Duluthian Kara Grgas-Wheeler said that the hardest part of her run to the 2000 NCAA Cross Country Running Championship was taking her sweat pants off before Monday's race.

Duluthian Kara Grgas-Wheeler said that the hardest part of her run to the 2000 NCAA Cross Country Running Championship was taking her sweat pants off before Monday's race.
"It was cold," she said. "It was 19 degrees below zero with the wind chill."
But the former Minnesota state cross country champion from Duluth East took her teammates' advice.
"I wasn't happy about the temperature, but everyone kept telling me to go back to my roots, running in the cold in Duluth," said Grgas-Wheeler.
It worked.
The University of Colorado senior led her women's cross country team to its first national title, placing first overall at the race in Ames, Iowa.
"I started a little faster, went out near the lead pack and caught the leaders at about two miles," she said. "Then I didn't look back until the end of the race. Down the home stretch, I was so tired. Then it was like a year's worth of emotion came out. You couldn't have written a better story."
Grgas-Wheeler finished the 6K race in a time of 20:30.5, seven seconds ahead of second-place Sabrina Monro from the University of Montana. It wasn't her best time ever at the course, but considering the conditions, she was satisfied.

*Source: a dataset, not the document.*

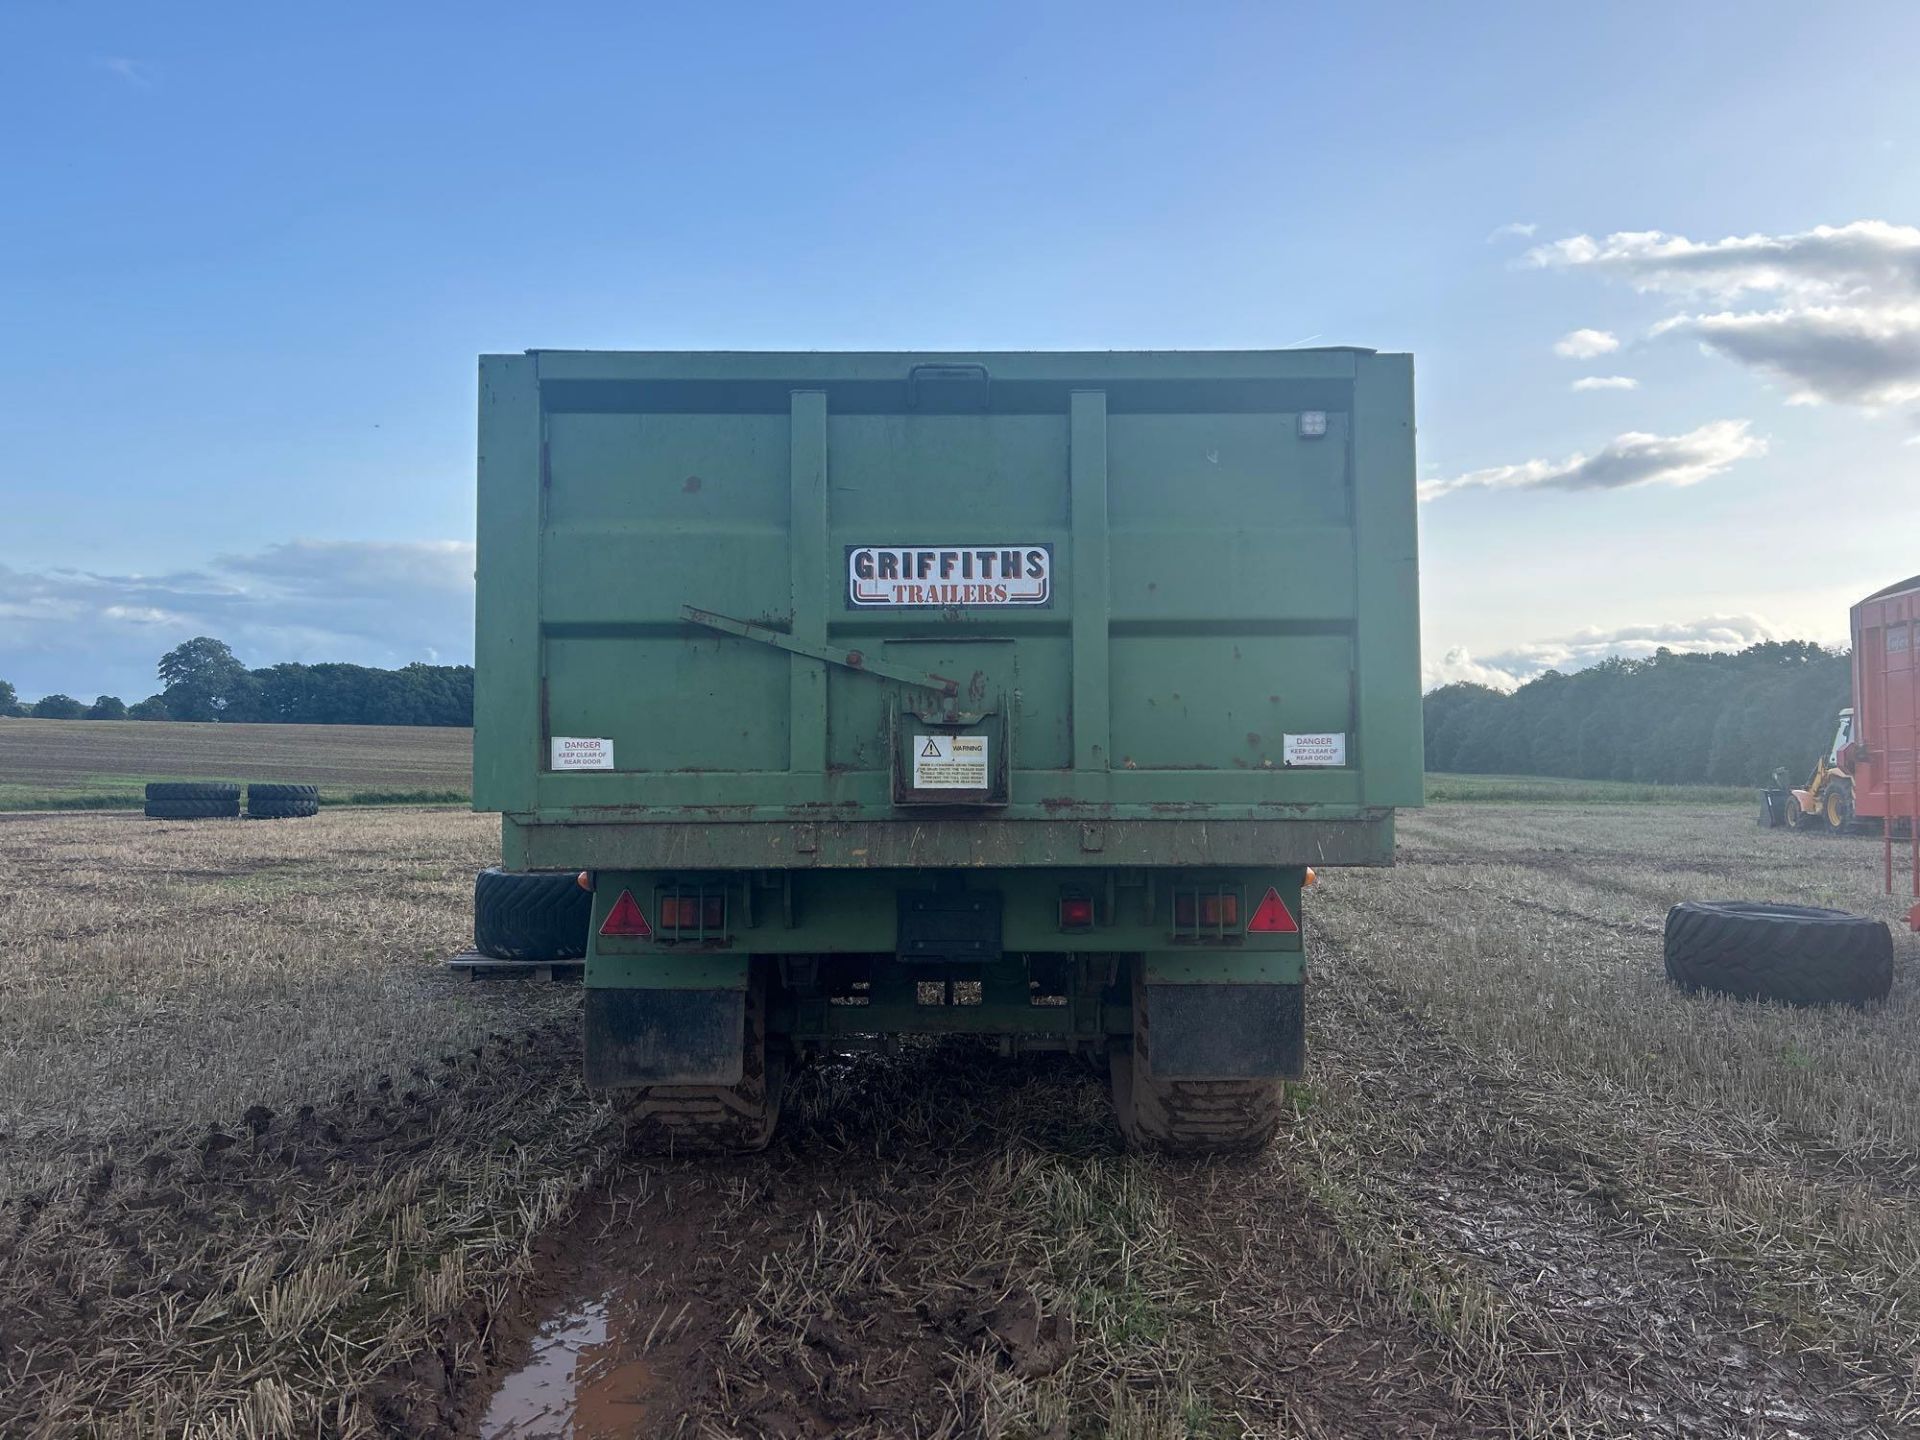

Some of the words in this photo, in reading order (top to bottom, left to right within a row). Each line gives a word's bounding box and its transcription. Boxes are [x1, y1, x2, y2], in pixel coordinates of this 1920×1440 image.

[854, 550, 1045, 580] GRIFFITHS
[892, 584, 1008, 603] TRAILERS
[564, 741, 601, 749] DANGER

"I've never run in such strong winds," she said. "The first 800 meters were into the wind, then we went into a little woods, then we came out and it was windy again."
The frozen ground wasn't her friend either.
"I wish I wouldn't have worn such long spikes," she said. "Now, I've got some blisters."
But Grgas-Wheeler wasn't feeling any pain as she basked in the glow of a national title, her third overall, but just her first in cross country.
"It's something I've wanted for so long," she said. "Cross country has always been my favorite, and this is the greatest. It's like I've completed what's been missing."
Grgas-Wheeler won't waste too much time celebrating, however. She still has a NCAA Outdoor Track season to prepare for, and after that, hopefully a professional track career, but on Monday afternoon she was looking forward to taking a little break.
"I'm going to kick back and enjoy it," Grgas-Wheeler said. "I feel like a ton of bricks have been lifted off my chest."
Grgas-Wheeler also said that her boyfriend, Adam Goucher, who, ironically, was Colorado head coach Mark Wetmore's only other national cross country running champion, was not the source of any of the aforementioned pressure.
But at least now, he won't be the only one in the relationship with national cross country championship bragging rights.